**ACTIVITY**
Working down the material below, reproduce exactly every line from the one containing "this 1600×1063 image." to the last line, and only those.

**INFORMATION**
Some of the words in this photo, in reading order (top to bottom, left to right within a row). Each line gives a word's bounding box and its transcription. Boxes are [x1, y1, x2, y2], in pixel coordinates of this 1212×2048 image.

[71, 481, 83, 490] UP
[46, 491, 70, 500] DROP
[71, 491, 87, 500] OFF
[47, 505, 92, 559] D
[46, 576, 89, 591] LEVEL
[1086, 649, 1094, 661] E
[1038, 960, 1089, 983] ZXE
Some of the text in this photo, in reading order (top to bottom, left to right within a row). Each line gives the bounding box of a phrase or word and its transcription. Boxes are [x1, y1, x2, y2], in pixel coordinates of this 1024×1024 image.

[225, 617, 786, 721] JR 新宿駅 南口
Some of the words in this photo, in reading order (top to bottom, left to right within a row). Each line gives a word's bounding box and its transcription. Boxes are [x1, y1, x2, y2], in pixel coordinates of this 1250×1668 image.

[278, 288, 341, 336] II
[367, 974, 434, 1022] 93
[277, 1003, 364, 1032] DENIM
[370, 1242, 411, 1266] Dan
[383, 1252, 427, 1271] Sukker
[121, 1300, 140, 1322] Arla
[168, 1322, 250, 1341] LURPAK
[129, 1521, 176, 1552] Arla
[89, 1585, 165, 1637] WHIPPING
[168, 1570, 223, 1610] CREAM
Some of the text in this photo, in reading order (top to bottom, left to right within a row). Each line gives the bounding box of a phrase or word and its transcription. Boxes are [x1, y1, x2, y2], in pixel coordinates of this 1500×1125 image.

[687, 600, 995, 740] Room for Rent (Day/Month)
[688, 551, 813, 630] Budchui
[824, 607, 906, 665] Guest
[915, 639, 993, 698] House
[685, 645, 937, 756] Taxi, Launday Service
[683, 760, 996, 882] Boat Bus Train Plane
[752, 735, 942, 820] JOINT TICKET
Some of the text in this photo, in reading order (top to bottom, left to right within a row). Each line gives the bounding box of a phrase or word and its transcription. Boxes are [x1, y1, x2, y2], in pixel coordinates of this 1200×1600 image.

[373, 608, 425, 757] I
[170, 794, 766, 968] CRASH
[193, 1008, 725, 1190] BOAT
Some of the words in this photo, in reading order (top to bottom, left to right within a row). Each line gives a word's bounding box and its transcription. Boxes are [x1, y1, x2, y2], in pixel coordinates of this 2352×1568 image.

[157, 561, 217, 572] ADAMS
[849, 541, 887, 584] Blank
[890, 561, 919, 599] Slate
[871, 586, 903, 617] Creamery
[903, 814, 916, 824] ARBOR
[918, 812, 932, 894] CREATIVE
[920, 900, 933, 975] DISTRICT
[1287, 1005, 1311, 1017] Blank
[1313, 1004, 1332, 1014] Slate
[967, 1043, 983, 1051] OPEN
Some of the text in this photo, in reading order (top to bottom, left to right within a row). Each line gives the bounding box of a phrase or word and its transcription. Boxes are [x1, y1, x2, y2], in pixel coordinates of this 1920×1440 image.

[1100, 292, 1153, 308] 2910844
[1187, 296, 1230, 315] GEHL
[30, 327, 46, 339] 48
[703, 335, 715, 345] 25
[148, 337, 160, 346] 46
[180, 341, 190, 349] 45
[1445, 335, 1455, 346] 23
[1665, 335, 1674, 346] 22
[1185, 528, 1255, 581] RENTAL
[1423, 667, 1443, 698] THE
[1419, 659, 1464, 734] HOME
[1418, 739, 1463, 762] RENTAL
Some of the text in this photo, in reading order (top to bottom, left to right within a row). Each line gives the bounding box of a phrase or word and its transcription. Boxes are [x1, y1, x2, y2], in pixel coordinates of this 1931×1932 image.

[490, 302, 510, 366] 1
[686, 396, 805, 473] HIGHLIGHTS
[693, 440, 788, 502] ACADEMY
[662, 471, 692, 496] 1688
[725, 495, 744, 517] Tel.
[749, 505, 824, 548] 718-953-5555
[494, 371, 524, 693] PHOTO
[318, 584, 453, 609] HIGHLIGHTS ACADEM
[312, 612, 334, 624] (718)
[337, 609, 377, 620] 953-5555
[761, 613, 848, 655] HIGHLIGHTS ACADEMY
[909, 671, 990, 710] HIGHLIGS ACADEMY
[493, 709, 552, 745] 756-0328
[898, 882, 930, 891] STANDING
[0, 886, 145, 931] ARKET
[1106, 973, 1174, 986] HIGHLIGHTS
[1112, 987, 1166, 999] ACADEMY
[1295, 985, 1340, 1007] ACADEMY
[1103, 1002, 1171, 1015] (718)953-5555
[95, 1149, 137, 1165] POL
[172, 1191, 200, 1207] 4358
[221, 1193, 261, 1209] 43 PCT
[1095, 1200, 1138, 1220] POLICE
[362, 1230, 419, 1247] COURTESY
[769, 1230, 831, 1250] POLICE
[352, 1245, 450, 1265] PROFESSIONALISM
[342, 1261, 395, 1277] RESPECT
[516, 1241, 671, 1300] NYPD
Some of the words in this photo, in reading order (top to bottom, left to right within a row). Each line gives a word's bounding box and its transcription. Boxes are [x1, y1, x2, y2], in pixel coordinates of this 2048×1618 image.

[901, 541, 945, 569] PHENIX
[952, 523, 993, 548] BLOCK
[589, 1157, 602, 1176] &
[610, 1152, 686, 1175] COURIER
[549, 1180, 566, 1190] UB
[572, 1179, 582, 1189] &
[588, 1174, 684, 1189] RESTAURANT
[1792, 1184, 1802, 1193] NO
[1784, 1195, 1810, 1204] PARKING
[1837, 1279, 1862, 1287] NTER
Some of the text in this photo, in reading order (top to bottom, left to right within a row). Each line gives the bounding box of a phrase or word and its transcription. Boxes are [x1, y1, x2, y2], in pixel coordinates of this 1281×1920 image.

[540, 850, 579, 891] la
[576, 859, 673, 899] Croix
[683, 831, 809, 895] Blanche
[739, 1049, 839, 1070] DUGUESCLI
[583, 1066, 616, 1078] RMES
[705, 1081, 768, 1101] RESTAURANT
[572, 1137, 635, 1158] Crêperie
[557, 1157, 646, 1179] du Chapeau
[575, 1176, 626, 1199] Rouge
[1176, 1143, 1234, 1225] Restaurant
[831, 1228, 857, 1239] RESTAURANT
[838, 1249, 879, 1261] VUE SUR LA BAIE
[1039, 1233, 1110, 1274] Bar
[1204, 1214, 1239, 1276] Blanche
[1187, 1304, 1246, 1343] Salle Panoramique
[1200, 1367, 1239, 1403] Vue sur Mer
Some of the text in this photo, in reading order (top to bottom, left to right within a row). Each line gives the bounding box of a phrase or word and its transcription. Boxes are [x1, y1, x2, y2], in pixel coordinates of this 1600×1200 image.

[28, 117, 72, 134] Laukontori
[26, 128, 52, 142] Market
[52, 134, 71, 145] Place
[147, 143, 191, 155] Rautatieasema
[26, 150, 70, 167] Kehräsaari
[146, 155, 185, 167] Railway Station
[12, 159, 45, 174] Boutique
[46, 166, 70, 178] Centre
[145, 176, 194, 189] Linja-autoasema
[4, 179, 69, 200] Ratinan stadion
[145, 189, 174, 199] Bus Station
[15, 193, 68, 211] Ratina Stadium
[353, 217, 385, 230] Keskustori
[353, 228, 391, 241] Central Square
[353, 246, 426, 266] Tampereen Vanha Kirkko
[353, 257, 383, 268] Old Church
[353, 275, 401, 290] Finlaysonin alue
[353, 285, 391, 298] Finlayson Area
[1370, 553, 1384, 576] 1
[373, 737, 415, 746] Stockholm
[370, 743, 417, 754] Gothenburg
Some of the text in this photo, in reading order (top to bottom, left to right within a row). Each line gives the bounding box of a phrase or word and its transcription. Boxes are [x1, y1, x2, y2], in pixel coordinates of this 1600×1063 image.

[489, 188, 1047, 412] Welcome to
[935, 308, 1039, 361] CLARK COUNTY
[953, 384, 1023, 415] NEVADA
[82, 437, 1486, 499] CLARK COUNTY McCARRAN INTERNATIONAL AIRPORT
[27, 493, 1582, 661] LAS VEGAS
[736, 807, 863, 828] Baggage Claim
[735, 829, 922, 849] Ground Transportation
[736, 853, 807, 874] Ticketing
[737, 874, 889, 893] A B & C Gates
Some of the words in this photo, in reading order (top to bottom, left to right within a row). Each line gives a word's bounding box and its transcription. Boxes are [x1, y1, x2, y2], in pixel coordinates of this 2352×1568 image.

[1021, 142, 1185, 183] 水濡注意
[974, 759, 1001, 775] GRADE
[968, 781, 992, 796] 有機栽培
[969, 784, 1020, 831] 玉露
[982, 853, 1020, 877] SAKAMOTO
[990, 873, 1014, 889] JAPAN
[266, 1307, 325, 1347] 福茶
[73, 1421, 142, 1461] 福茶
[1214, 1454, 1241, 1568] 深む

**FINAL ANSWER**
Some of the text in this photo, in reading order (top to bottom, left to right within a row). Each line gives the bounding box of a phrase or word and its transcription. Boxes are [x1, y1, x2, y2], in pixel coordinates of this 1600×1063 image.

[489, 188, 1047, 412] Welcome to
[935, 308, 1039, 361] CLARK COUNTY
[953, 384, 1023, 415] NEVADA
[82, 437, 1486, 499] CLARK COUNTY McCARRAN INTERNATIONAL AIRPORT
[27, 493, 1582, 661] LAS VEGAS
[736, 807, 863, 828] Baggage Claim
[735, 829, 922, 849] Ground Transportation
[736, 853, 807, 874] Ticketing
[737, 874, 889, 893] A B & C Gates
Some of the words in this photo, in reading order (top to bottom, left to right within a row). Each line gives a word's bounding box and its transcription. Boxes are [x1, y1, x2, y2], in pixel coordinates of this 2352×1568 image.

[1021, 142, 1185, 183] 水濡注意
[974, 759, 1001, 775] GRADE
[968, 781, 992, 796] 有機栽培
[969, 784, 1020, 831] 玉露
[982, 853, 1020, 877] SAKAMOTO
[990, 873, 1014, 889] JAPAN
[266, 1307, 325, 1347] 福茶
[73, 1421, 142, 1461] 福茶
[1214, 1454, 1241, 1568] 深む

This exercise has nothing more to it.